In our example notebook we demonstrate how to use dbt in Deepnote to analyze coffee preferences by data role using the COFFEE_RESPONSES dataset. We automate data transformations and ensure data quality with scheduled tasks.

Creating models

We developed a model, coffee_preferences_by_role.sql, to identify the most popular coffee for each data role and calculate its order percentage. This simplifies complex SQL into reusable components. To run the model we use dbt run --models coffee_preferences_by_role or just simply dbt run . Here is an example usage

%%writefile /work/models/coffee_preferences_by_role.sql

WITH coffee_counts AS (
    SELECT
        data_role,
        ordered_coffee,
        COUNT(*) AS coffee_count
    FROM DEEPNOTE_DEVELOPMENT.TYPEFORM.COFFEE_RESPONSES
    GROUP BY data_role, ordered_coffee
),

ranked_coffees AS (
    SELECT
        data_role,
        ordered_coffee,
        coffee_count,
        ROW_NUMBER() OVER (PARTITION BY data_role ORDER BY coffee_count DESC) AS rank
    FROM coffee_counts
)

SELECT
    data_role,
    ordered_coffee AS most_popular_coffee,
    coffee_count,
    ROUND((coffee_count / SUM(coffee_count) OVER (PARTITION BY data_role)) * 100, 2) AS percentage
FROM ranked_coffees
WHERE rank = 1

Implementing tests

We created not_null_coffee_data.yml to validate our data, ensuring no nulls in key columns and unique entries per data role. To run the test we use dbt test

%%writefile /work/tests/not_null_coffee_data.yml

version: 1

models:
  - name: coffee_data
    tests:
      - not_null:
          column_name: data_role
      - not_null:
          column_name: ordered_coffee

  - name: coffee_preferences_by_role
    tests:
      - unique:
          column_name: data_role
      - not_null:
          column_name: most_popular_coffee

Organizing and cataloging

If you want to share your catalog and organize it with Deepnote you can run !dbt doc , then create streamlit of Flask app, if you want to use streamlit you can see the the example if you want use Flask you need to serve the 'index.html' on 0.0.0.0, then switch on incoming connection

Screenshot 2025-01-24 at 15.55.06.png

Then you can share the url with your teammates or iframe it in the notebook.

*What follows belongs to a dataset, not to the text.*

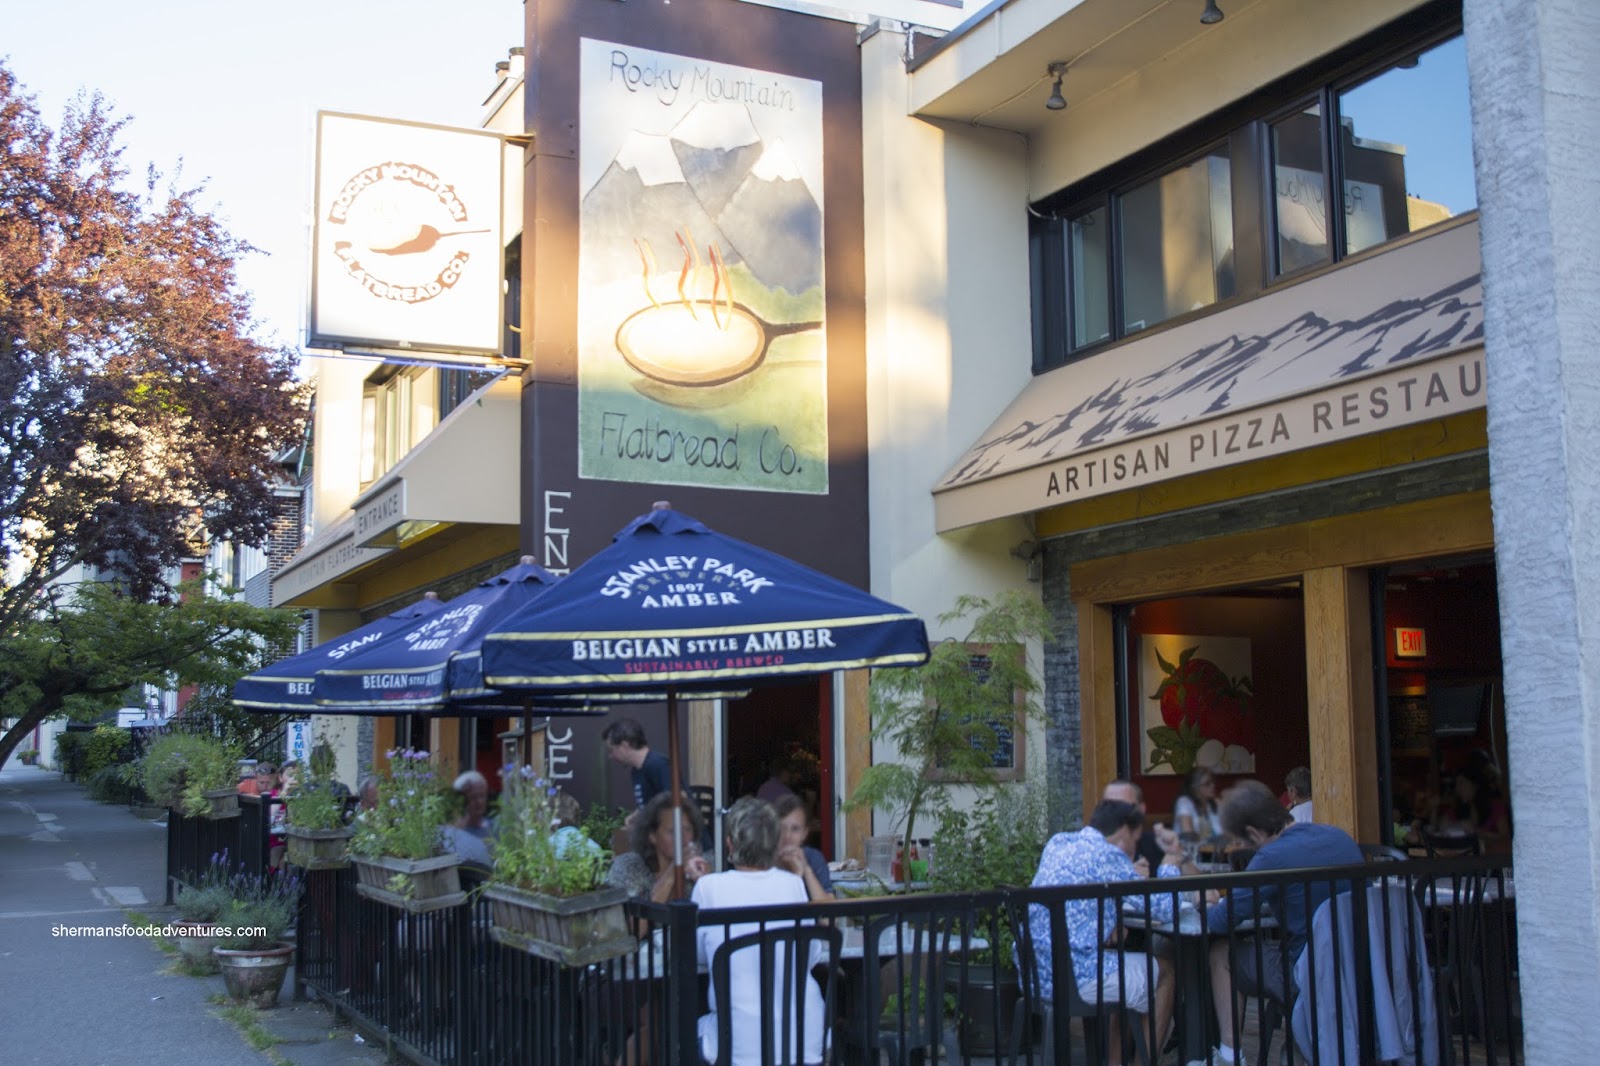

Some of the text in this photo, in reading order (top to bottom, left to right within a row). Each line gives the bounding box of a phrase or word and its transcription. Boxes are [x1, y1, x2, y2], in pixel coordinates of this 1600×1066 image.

Screenshot 2025-01-24 at 16.03.39.png

Github integration

If you are using Github for storing the models you can use Github integration, if wish to see how to set it up click here
Screenshot 2025-02-10 at 14.53.36.png

Scheduling and automation

  • Automate execution: Use Deepnote's scheduled notebook to run dbt models and tests regularly.
  • Continuous monitoring: Keep your data insights updated automatically.
  • Advanced alerts: Use Deepnote's Slack integration to receive alerts if model tests fail.
Screenshot 2025-01-20 at 18.20.41.png

Explore the complete models and tests in this project to see dbt in action. This example illustrates how dbt, combined with Deepnote, Snowflake and Slack integration empowers data teams to streamline data transformations and maintain data quality. By automating these processes, you can focus on deriving insights and making data-driven decisions efficiently.

💡 If you wish to use dbt semantic layer integration for it is coming soon.